Recently, Dr. Xiaodun Mou, CEO of CorrectSequence Therapeutics, visited the "Dialogue 22" column of Oriental Financial Pudong Channel to share how to use creative gene editing technology to develop low-cost and high-quality therapy for people with severe diseases.
"Gene editing is to find the mutated genes from the ontology DNA, and then use a fast and efficient method to correct the mutated genes to healthy genes as expressed as normal people, and then let the patient back to the normal growth track through the body's own regulation and growth function." Dr. Xiaodun Mou first introduced what gene editing is.
Gene editing technology can fundamentally solve some difficult diseases that have not yet found effective therapy, such as genetic diseases or chronic diseases. It will bring new hope to patients with these diseases. Currently, these diseases brings huge financial burden and psychological pressure to patients because there are no cure or only some symptomatic chronic treatments.
Dr. Xiaodun Mou introduced, gene editing technology has been developed for nearly 30 years, from ZFNs, TALENs, to the CRISPR/Cas9 technology, the generations of gene editing technology are known as "molecular scissors", its common characteristic is to repair genes by completely cutting off the double strand break of DNA, which will bring about clinical risks such as large fragments chromosome deletion and chromosome translocation. "It's like being shot in the heart, the normal reaction is that the person dies. Normal human cells also have a mechanism to protect the body. If its DNA double strand is cut off, the cell will die, and then a replication error will occur when it copies itself. Chromosome abnormalities are the cause of many deadly diseases in humans, especially cancer, where cells with abnormal chromosomes can become tumors if they frantically copy themselves." Dr. Xiaodun Mou said that although the" molecular scissors " technology such as CRISPR is very convenient, there are still many safety risks in the human body.

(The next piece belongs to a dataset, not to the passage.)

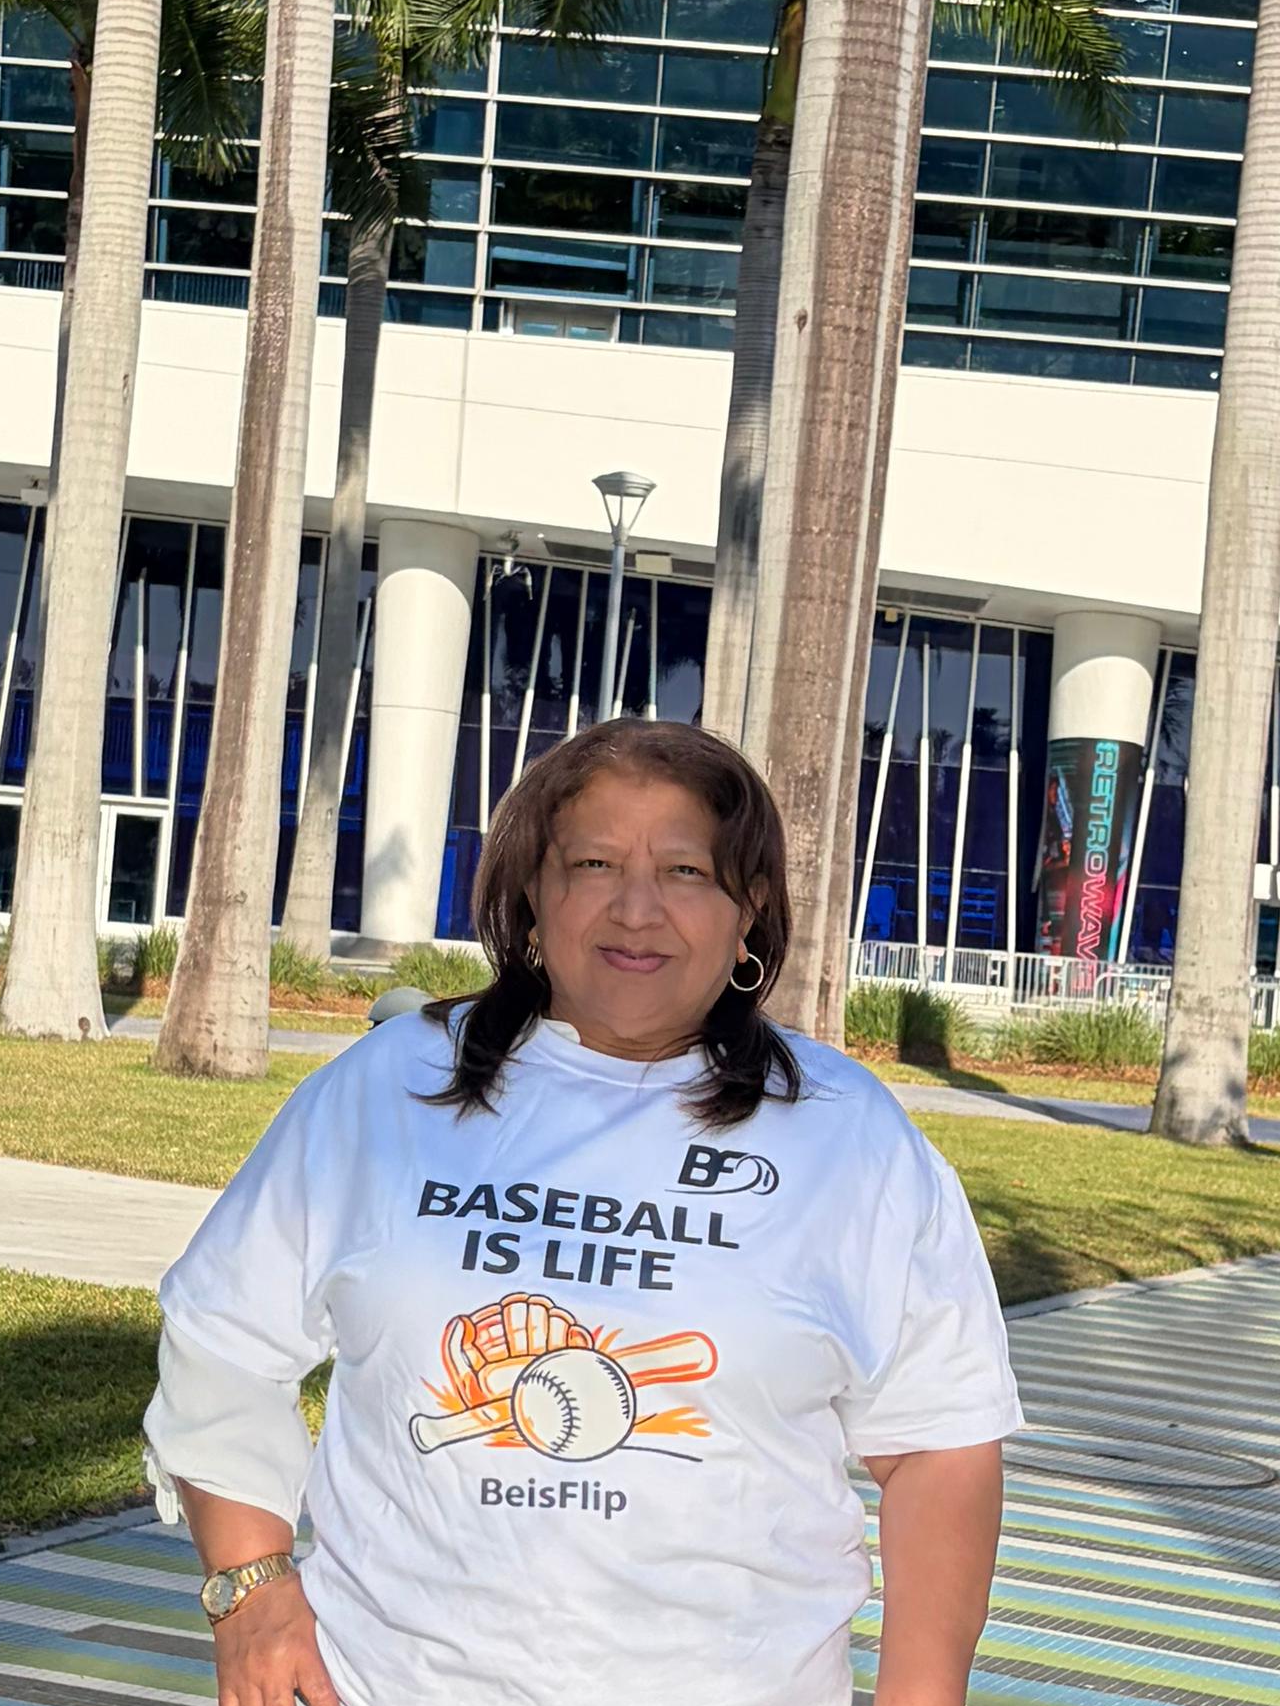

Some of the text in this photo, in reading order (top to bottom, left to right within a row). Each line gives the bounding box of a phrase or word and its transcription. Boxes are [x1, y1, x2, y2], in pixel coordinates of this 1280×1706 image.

[417, 1179, 740, 1250] BASEBALL
[461, 1229, 675, 1291] IS LIFE
[480, 1477, 628, 1520] BeisFlip

In order to improve the editing efficiency and security, the scientific founders of Correctseq developed base editing system represented by tBE (transformer Base Editing) , it induces precise base substitutions to achieve genome editing through combining two moieties, "effector" and "locator". "transformer Base Editing (tBE) does not cause any damage to the DNA double strand, it just makes an unspiral motion, creating a very small "O" shaped window. As you can imagine, a playground full of people, maybe we only open one cell of one person, so the effect on the human body is basically negligible. " Dr. Xiaodun Mou vividly introduced the principle of tBE and its safety and efficiency. After unwinding the helix, the system delivers another deaminase into the body, precisely making the C-to-T or A-to-G transition. Base editing technology does not cause damage to the DNA double strand, so it effectively avoids the risks of promoting the activation of p53 pathway and chromosome abnormalities, and realizes the precise repair of "turning a scissor into a pen". Compared with previous generations of gene editing technology, base editing technology has substantially improved its safety and drug properties in the application of human disease treatment.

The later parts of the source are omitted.